Every record below must be written out exactly. Leave out the pictures.

## MATERIALS PROVIDED
*** Begin section ***

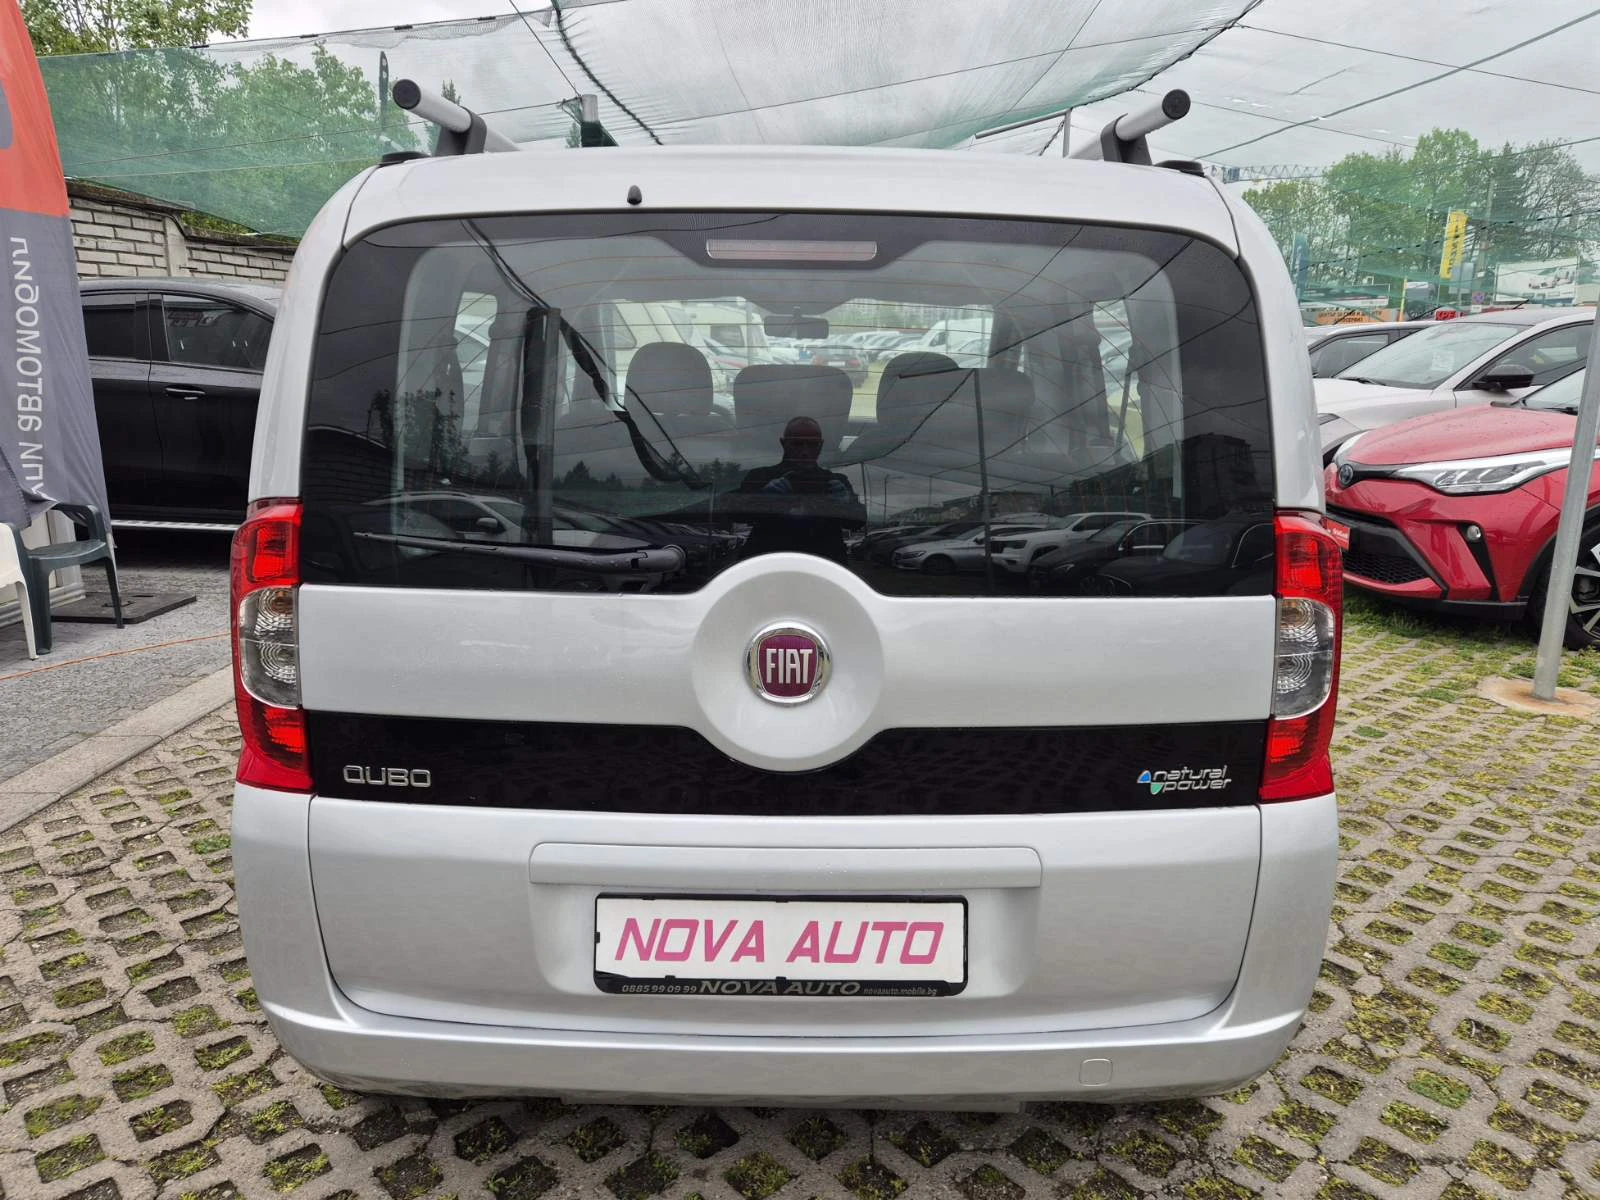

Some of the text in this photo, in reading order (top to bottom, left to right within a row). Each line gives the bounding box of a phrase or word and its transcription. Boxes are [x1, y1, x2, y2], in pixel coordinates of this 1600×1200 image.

[765, 648, 813, 684] FIAT
[342, 764, 432, 788] QUBO
[1153, 765, 1227, 780] natural
[1162, 779, 1232, 792] power
[614, 917, 945, 965] NOVA AUTO
[700, 980, 778, 994] NOVA
[783, 981, 861, 995] AUTO
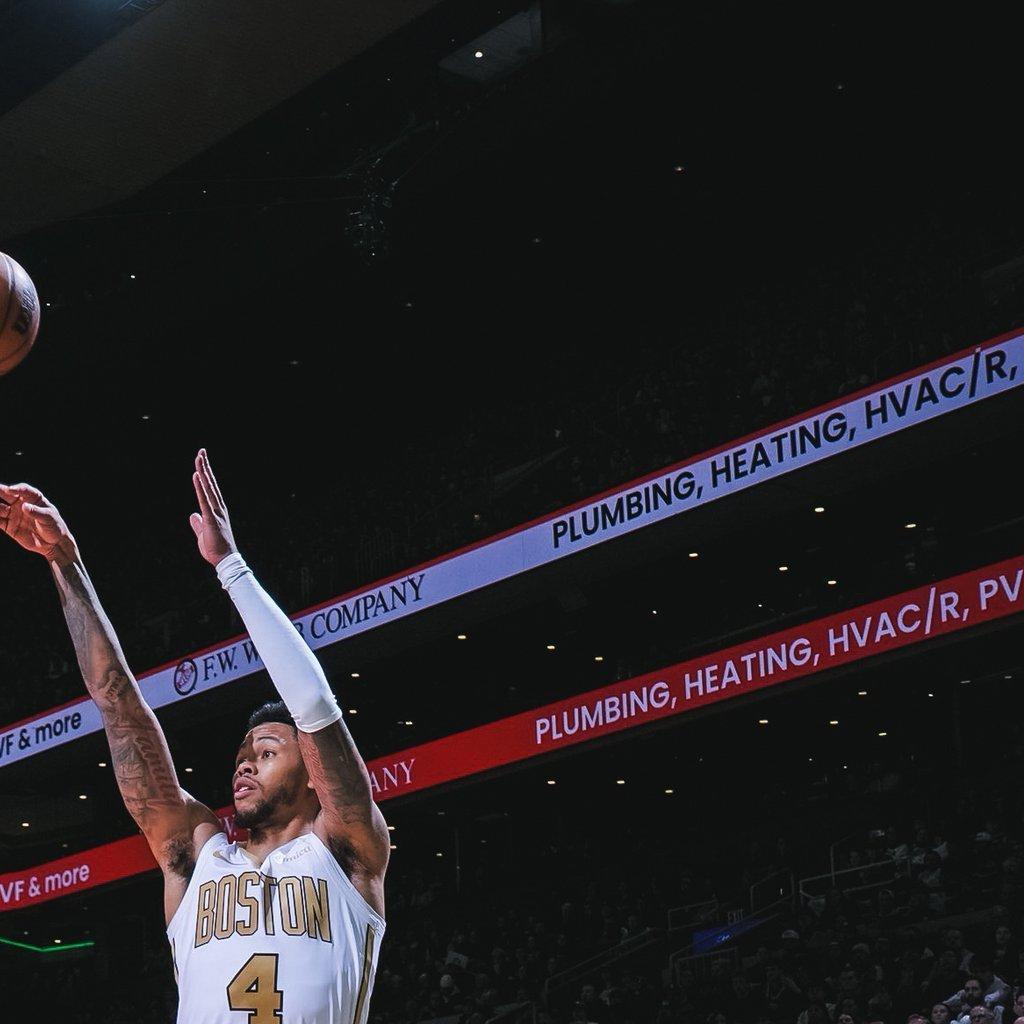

*** End section ***

## REPLY
Some of the text in this photo, in reading order (top to bottom, left to right within a row). Each line gives the bounding box of a phrase or word and its transcription. Boxes are [x1, y1, x2, y2], in pixel coordinates of this 1600×1200 image.

[765, 648, 813, 684] FIAT
[342, 764, 432, 788] QUBO
[1153, 765, 1227, 780] natural
[1162, 779, 1232, 792] power
[614, 917, 945, 965] NOVA AUTO
[700, 980, 778, 994] NOVA
[783, 981, 861, 995] AUTO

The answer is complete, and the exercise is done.